Spatial localization data =>
=-=-=-=-=

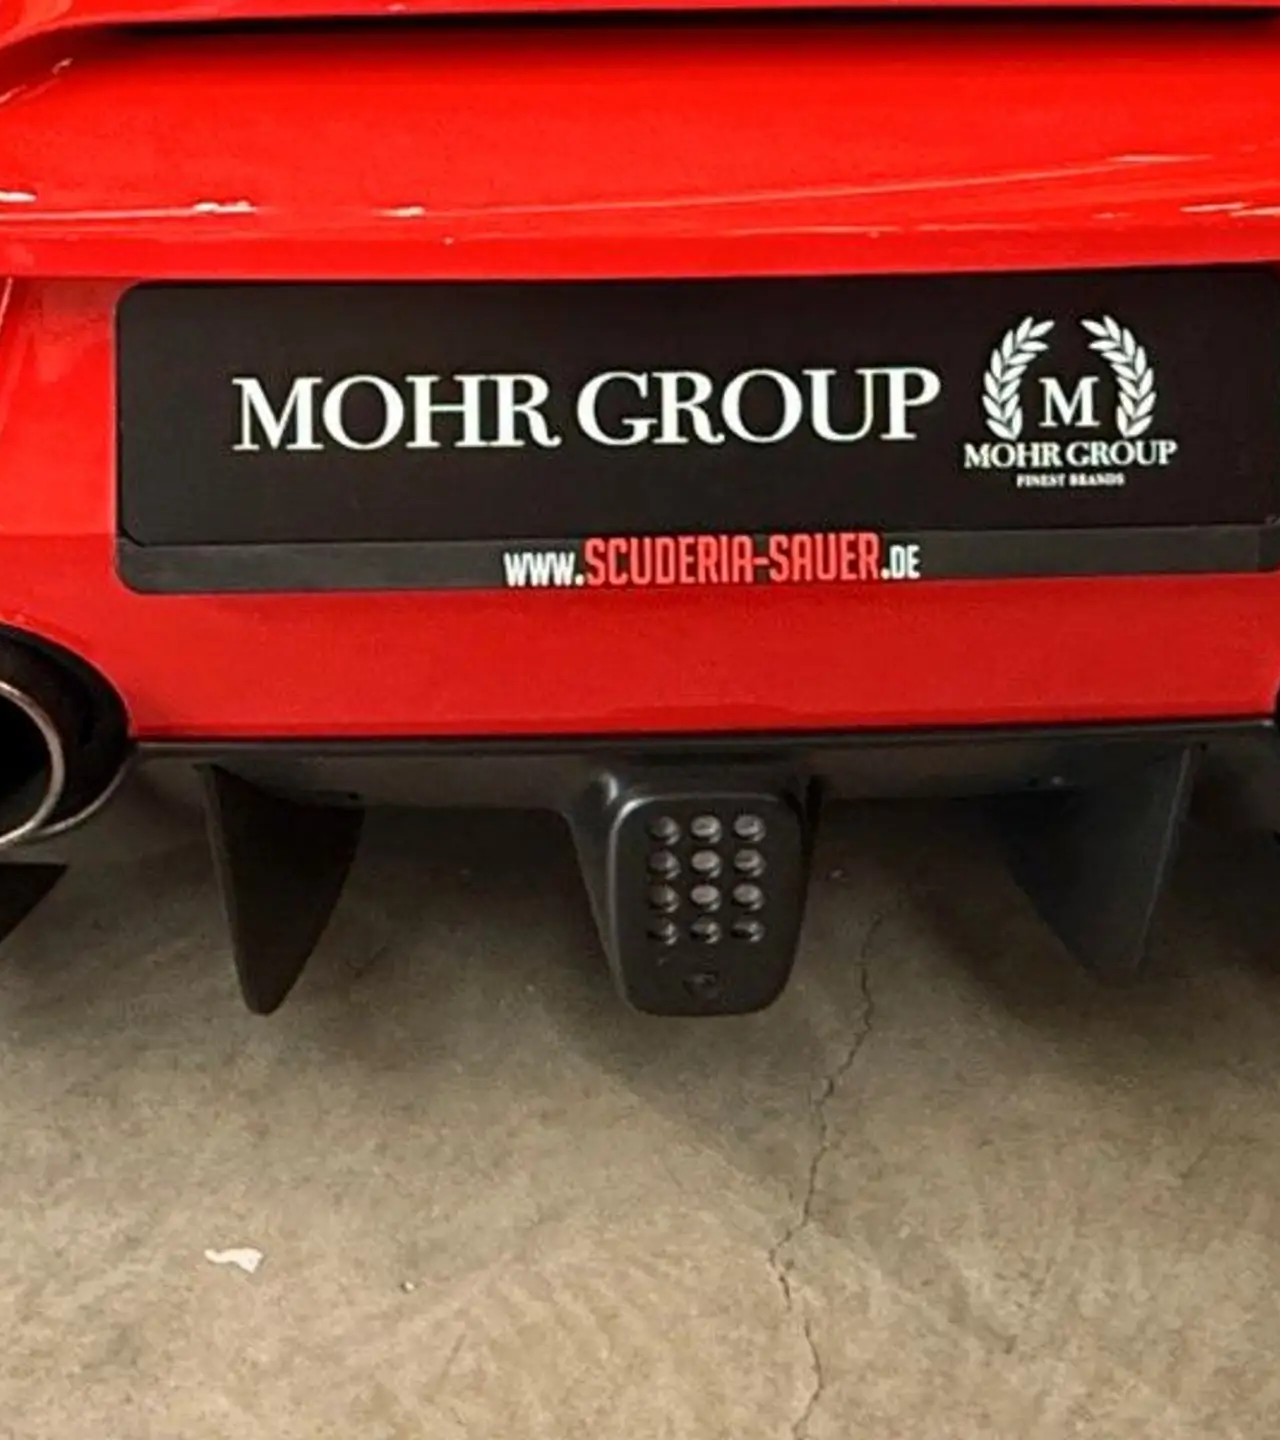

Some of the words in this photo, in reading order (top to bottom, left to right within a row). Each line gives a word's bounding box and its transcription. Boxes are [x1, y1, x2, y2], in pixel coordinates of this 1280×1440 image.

[232, 374, 561, 451] MOHR
[576, 367, 942, 446] GROUP
[1037, 375, 1102, 428] M
[964, 442, 1063, 470] MOHR
[1065, 439, 1178, 467] GROUP
[1016, 473, 1066, 488] FINEST
[1069, 472, 1126, 487] BRANDS

=-=-=-=-=

Exercise directions =>
Could you retype every line above exactly as it appears, skipping the pictures?

Solution to the exercise =>
Some of the words in this photo, in reading order (top to bottom, left to right within a row). Each line gives a word's bounding box and its transcription. Boxes are [x1, y1, x2, y2], in pixel coordinates of this 1280×1440 image.

[232, 374, 561, 451] MOHR
[576, 367, 942, 446] GROUP
[1037, 375, 1102, 428] M
[964, 442, 1063, 470] MOHR
[1065, 439, 1178, 467] GROUP
[1016, 473, 1066, 488] FINEST
[1069, 472, 1126, 487] BRANDS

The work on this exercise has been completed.